調査・報告

東伯牛(鳥取)とエフコープとの産直取引への取り組み
─北海道新得町から鳥取、さらに福岡へと南北を絆で結ぶ産直事例─

宮城学院女子大学 学芸学部生活文化学科 教授 安部 新一


はじめに

 BSEが発生して大分時間が経過したものの、最近では北海道や岐阜県で起きた偽装表示問題など、食肉の安全に対する不安を高める事件が発生している。また、このような不安による需要の低迷のほかに、近年の経済の低成長により所得の増加が進まず、他の食肉に比べ価格の高い牛肉の消費が低迷している。また、生産・供給側を取り巻く環境は、米国産牛肉の輸入再開や穀物価格の急騰による飼料価格の高騰により、国産肉牛生産にとって極めて厳しい状況になってきている。こうした中で、産地と加工流通過程が明らかな「安全・安心」をセールスポイントにした産直取引が注目されている。産直取引を行っている生産者側では給与する飼料などを含めた生産履歴を明らかにするとともに、トレーサビリティに加えて、生産情報公表JAS規格への取り組みも見られる。

 一方、産直の主たる需要側の生協でも組合員へ安全で安心な美味しいものを提供していくことがさらに強く求められてきている。小売業界では食品スーパーなどでの業種・業態間での熾烈な販売競争も行われており、このような販売競争の中で生協は厳しい経営を強いられているところも多い。そうした状況下で生協の中には、生産履歴を消費者に開示し安全性を訴求した商品の品揃えの強化とともに、産地と消費者(生協組合員)との交流をさらに深めて産直取引活動を積極的に行っているところも見られる。

 本稿では北海道内で生まれたホルスタイン種のオス子牛(去勢)を素牛とし、鳥取県内で東伯牛ブランドとして肥育した肉牛を福岡県のエフコープ生活協同組合(以下、「エフコープ」)との産直取引を行っている事例を対象に、産直取引の経緯、生産・供給側であるほ育・育成牛と肥育牛の飼育方法、産直取引の実態および取引を推進していく上での課題を明らかにしたい。

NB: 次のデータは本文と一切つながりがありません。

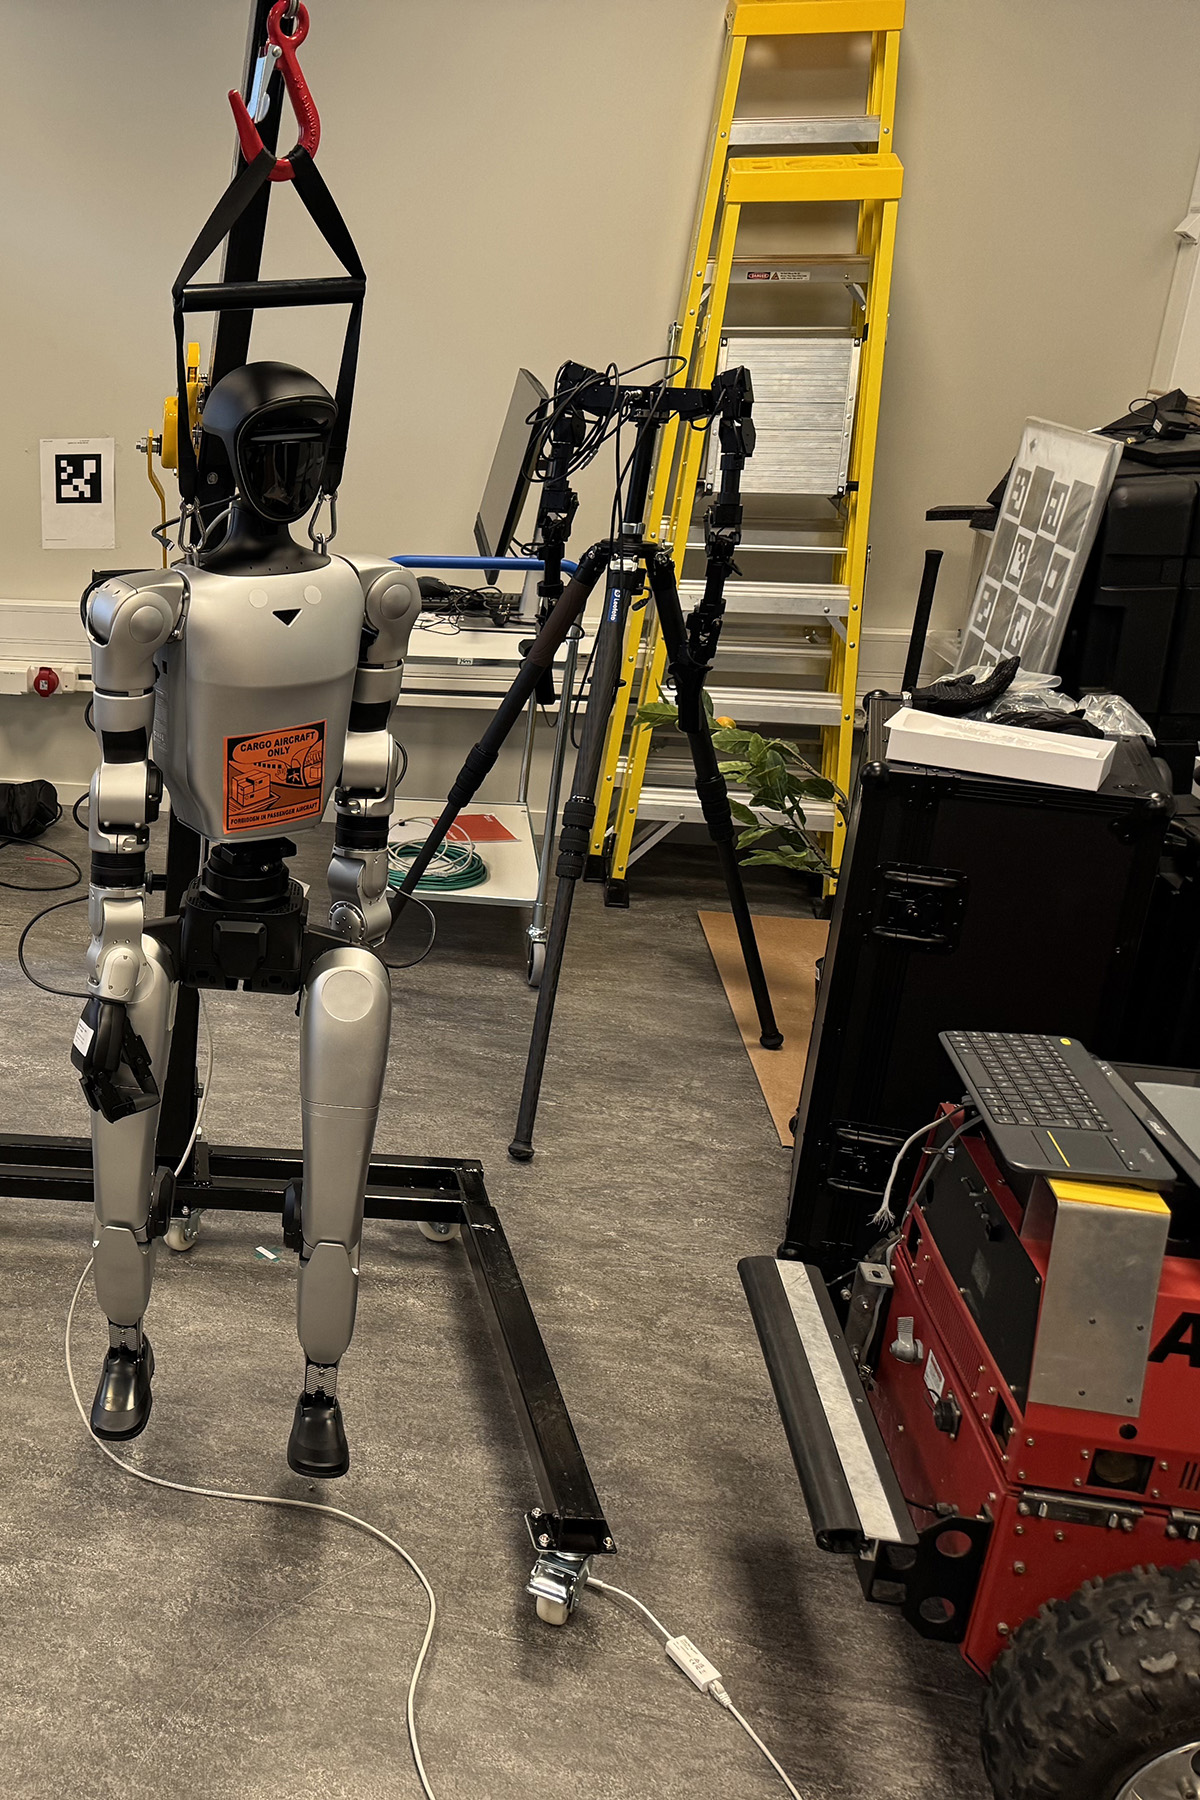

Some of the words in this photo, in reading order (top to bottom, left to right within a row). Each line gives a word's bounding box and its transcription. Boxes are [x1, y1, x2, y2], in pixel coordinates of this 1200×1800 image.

*生産情報公表JAS規格とは、消費者の安心と信頼を確保するため、食品の生産情報を生産者が正確に記録・管理・公表し、消費者がその製品を買い求める際にその生産情報を確認できる食品の規格であり、平成15年12月に「生産情報公表牛肉」が、平成16年7月に「生産情報公表豚肉」が、平成17年7月に「生産情報公表農産物」がスタートしている(詳しくは【http://www. jasnet.or.jp/jigyou/tracejas/ index.htm】参照。)

1.東伯牛の産直取引

(1) 産直取引の経緯
    −22年間の実績−

 東伯牛の産直取引は1986年8月にエフコープと当時の東伯町農業協同組合(以下「JA東伯町」)との間で「協同組合間提携と産直活動に関する協定」を結び産直取引が開始された。それまでエフコープでは、大山乳業農業協同組合(鳥取県東伯郡)との産直取引を行ってきた経緯があり、生協担当者が大山乳業へ来訪した折りに東伯牛の存在を知ったのがきっかけである。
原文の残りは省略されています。